En los últimos cuatro años han realizado inversiones en el país por más de 21 mil 500 mdd, lo que da un promedio anual de alrededor de 5 mil 300 mdd.

Esta cantidad es mayor a la suma total de las exportaciones anuales de México a Centroamérica (5 mil mdd aproximadamente) y refleja bien la confianza de los desarrolladores en nuestro país y en su economía, la cual ha mostrado ser capaz de sortear con éxito los embates de un difícil entorno internacional.

La inversión en el sector inmobiliario es sin duda una fuerza activa que cada día suministra energía al crecimiento económico de México, a la creación de empleos y al crecimiento y enriquecimiento de nuestras ciudades.

Para empezar, la inversión inmobiliaria impulsa el crecimiento de más de 40 ramas de la economía que, más allá de las vinculadas directamente a la construcción (hierro, acero, cemento), incluyen a otras como la de la madera, el aluminio o el vidrio. Que este sector ha sido especialmente dinámico en el pasado reciente lo muestra el hecho de que, por tres años consecutivos, el PIB Edificación ha crecido por arriba del PIB Nacional (4.3 por ciento).

En lo que se refiere al empleo en el sector de la construcción, éste ha seguido el crecimiento inercial de la industria al crecer a una tasa del 9 por ciento (en el cuarto trimestre de 2016).

En total genera 1.6 millones de empleos formales. Los 515 proyectos que desarrollará la ADI en el curso de la administración 2012-2018 le permitirán crear en promedio 200 mil empleos anuales, es decir un nuevo empleo para alrededor de 550 personas por día. Estos 515 proyectos comprenden un total de 60 millones de metros cuadrados de construcción y se desarrollan en 28 entidades de la República contribuyendo así al crecimiento y desarrollo de nuestras ciudades.

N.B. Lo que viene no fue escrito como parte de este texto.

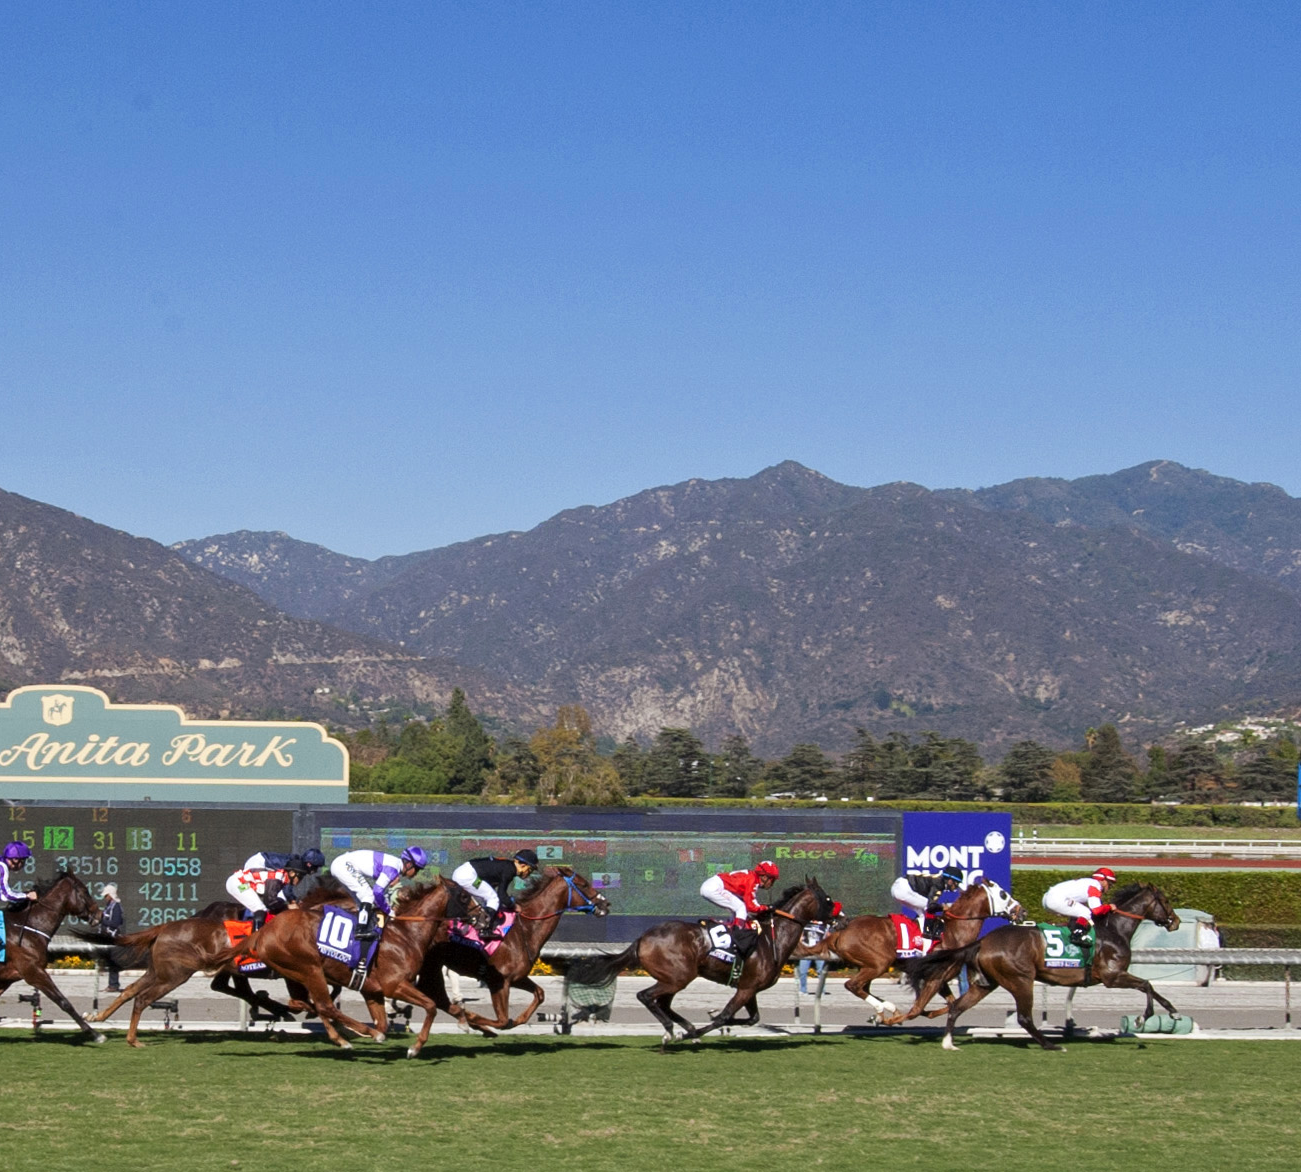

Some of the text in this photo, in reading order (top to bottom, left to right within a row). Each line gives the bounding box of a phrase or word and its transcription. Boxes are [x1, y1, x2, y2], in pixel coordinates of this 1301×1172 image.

Las inversiones de la ADI son resultado de una confianza creciente en la solidez y el futuro de nuestra economía, una confianza que no se limita a la de los desarrolladores inmobiliarios sino que incluye, por supuesto, la de sus clientes, es decir la de quienes hoy contratan un crédito hipotecario o invierten sus ahorros en la adquisición de una casa, un departamento, una oficina o un local comercial. El mercado inmobiliario muestra bien que la fortaleza económica de México radica hoy en nuestro mercado interno.

El consumo interno ha sido el principal motor de crecimiento económico de México en los últimos años. Si potenciamos este motor con la paulatina recuperación de otras variables económicas, al final del 2017 tendremos sin duda un crecimiento que superará las expectativas actuales.

La inversión es producto de la confianza y ésta deriva de la plena instrumentación de las reformas estructurales impulsadas al inicio de esta administración. Esperemos que muchos más empresarios, además de los del sector inmobiliario, inviertan hoy con decisión para beneficiarse, en el corto y el mediano plazos, de un mercado interno sano y en expansión.